(Beginning of Raw data)

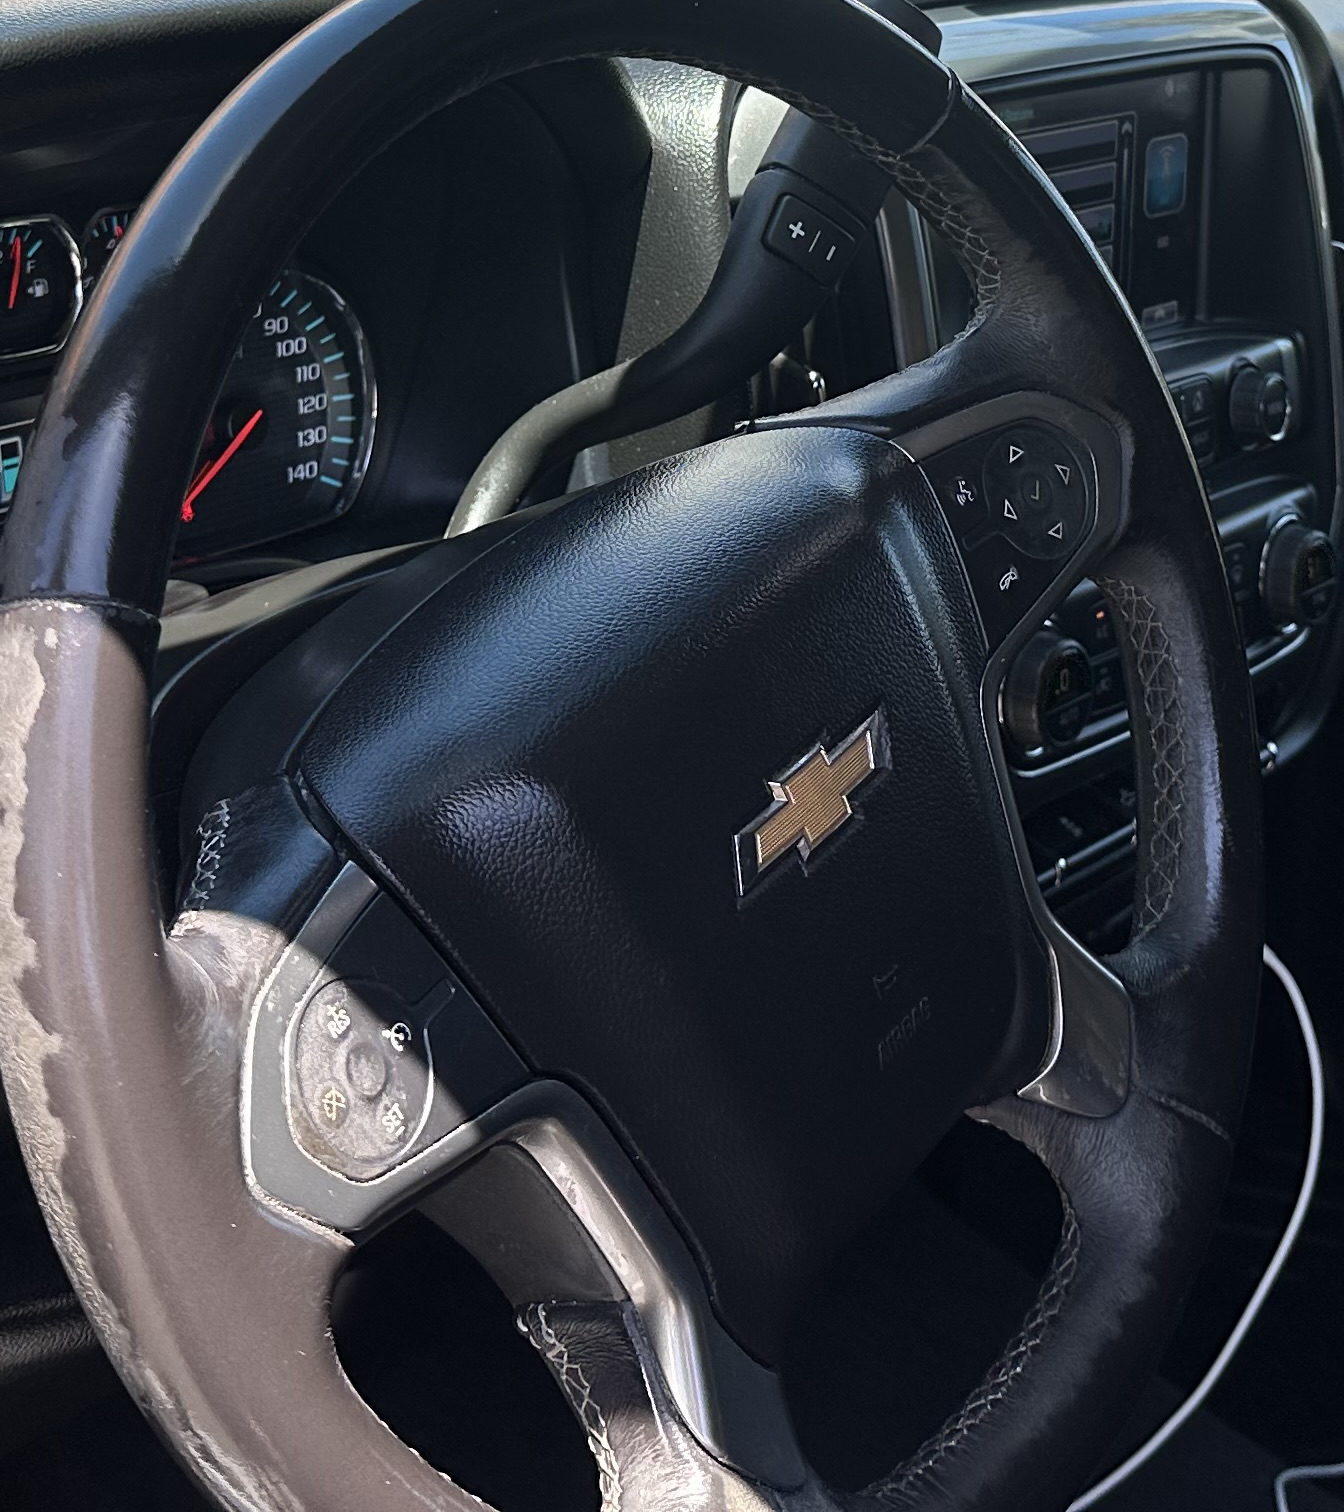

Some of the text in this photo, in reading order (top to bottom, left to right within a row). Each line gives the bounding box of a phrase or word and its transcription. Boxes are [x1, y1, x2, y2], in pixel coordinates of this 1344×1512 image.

[263, 316, 289, 336] 90
[275, 336, 307, 358] 100
[295, 363, 321, 383] 110
[297, 393, 327, 415] 120
[296, 425, 327, 447] 130
[287, 460, 319, 484] 140
[327, 1010, 352, 1040] RES
[381, 1102, 406, 1134] SET

(End of Raw data)

_Problem to work on_
In your copy, exclude the pictures and repeat each entry above exactly.

_Reply to the exercise_
Some of the text in this photo, in reading order (top to bottom, left to right within a row). Each line gives the bounding box of a phrase or word and its transcription. Boxes are [x1, y1, x2, y2], in pixel coordinates of this 1344×1512 image.

[263, 316, 289, 336] 90
[275, 336, 307, 358] 100
[295, 363, 321, 383] 110
[297, 393, 327, 415] 120
[296, 425, 327, 447] 130
[287, 460, 319, 484] 140
[327, 1010, 352, 1040] RES
[381, 1102, 406, 1134] SET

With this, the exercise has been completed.